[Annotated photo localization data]
((

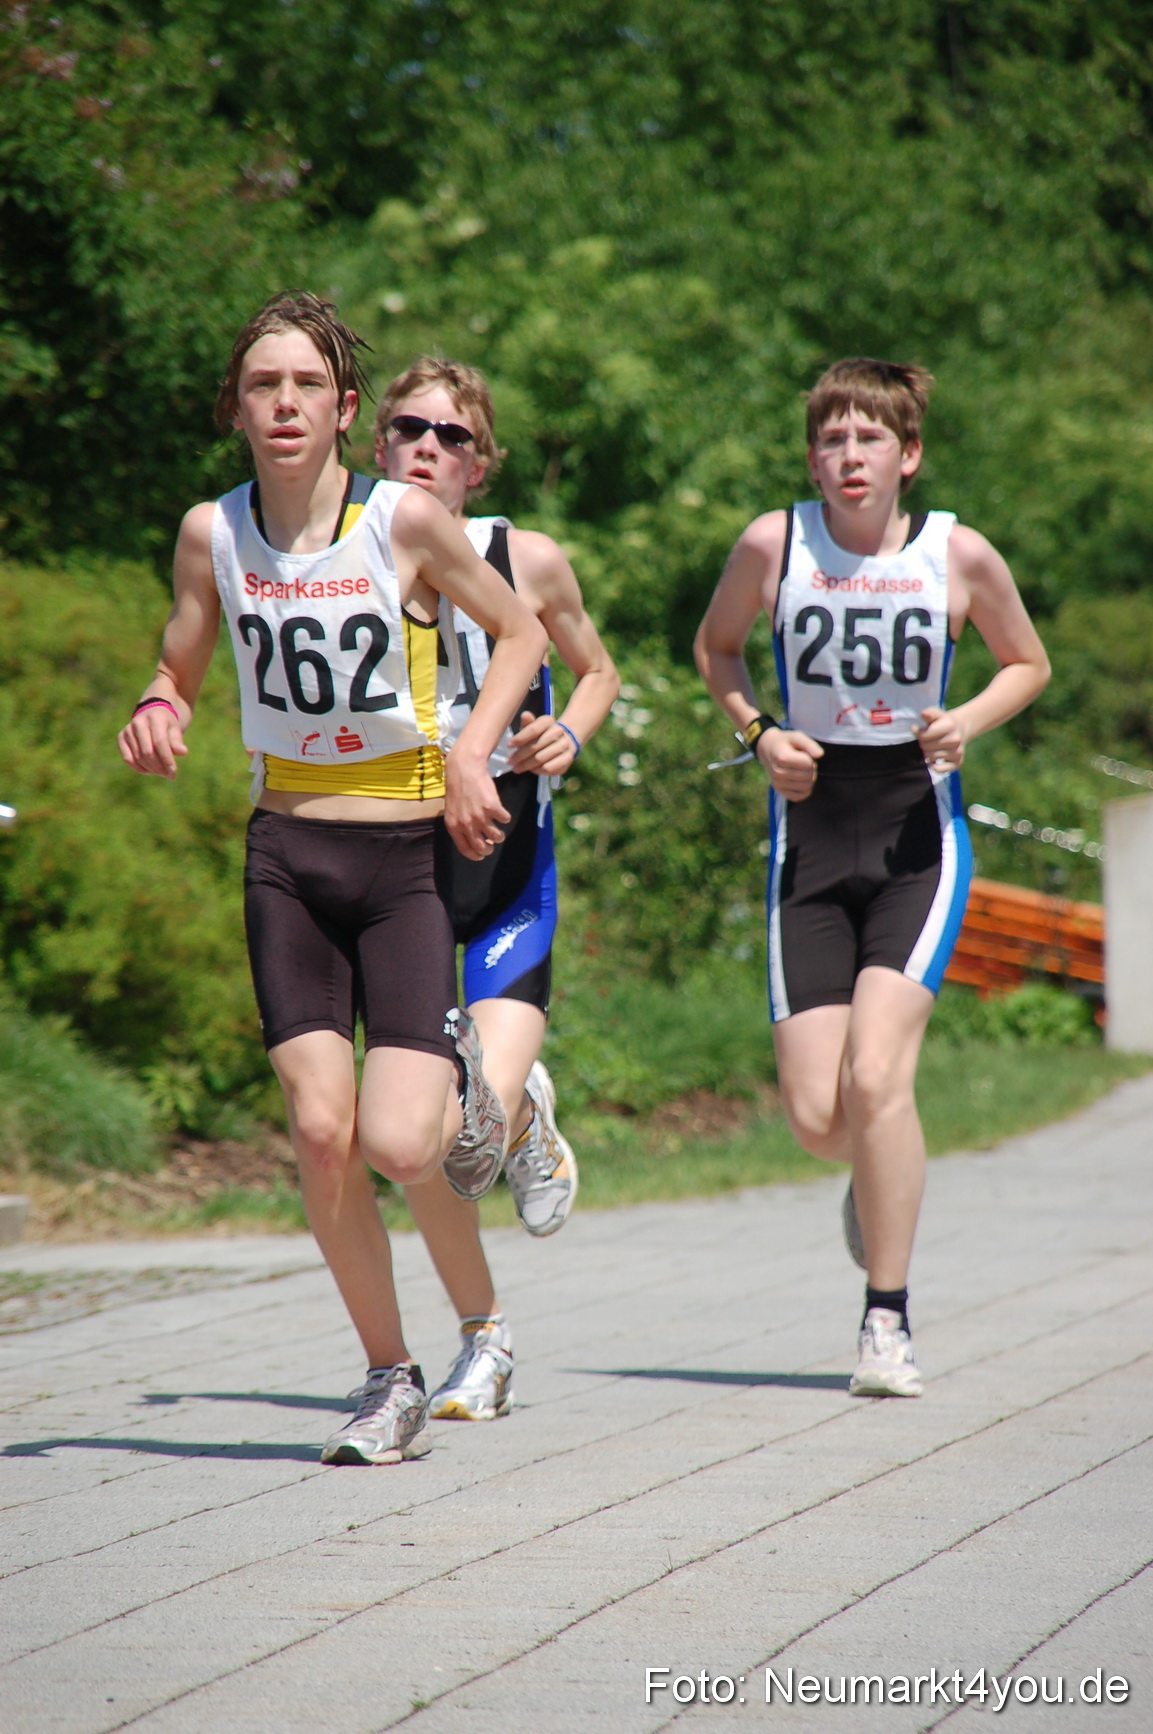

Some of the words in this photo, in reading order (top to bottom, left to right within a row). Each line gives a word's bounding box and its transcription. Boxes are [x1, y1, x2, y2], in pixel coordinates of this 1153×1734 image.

[244, 572, 370, 601] Sparkasse
[811, 570, 923, 594] Sparkasse
[237, 613, 398, 715] 262
[794, 605, 932, 688] 256

))

What to produce
Exactly as written, set down each line of the records, leaving out the pictures.

Task result
Some of the words in this photo, in reading order (top to bottom, left to right within a row). Each line gives a word's bounding box and its transcription. Boxes are [x1, y1, x2, y2], in pixel coordinates of this 1153×1734 image.

[244, 572, 370, 601] Sparkasse
[811, 570, 923, 594] Sparkasse
[237, 613, 398, 715] 262
[794, 605, 932, 688] 256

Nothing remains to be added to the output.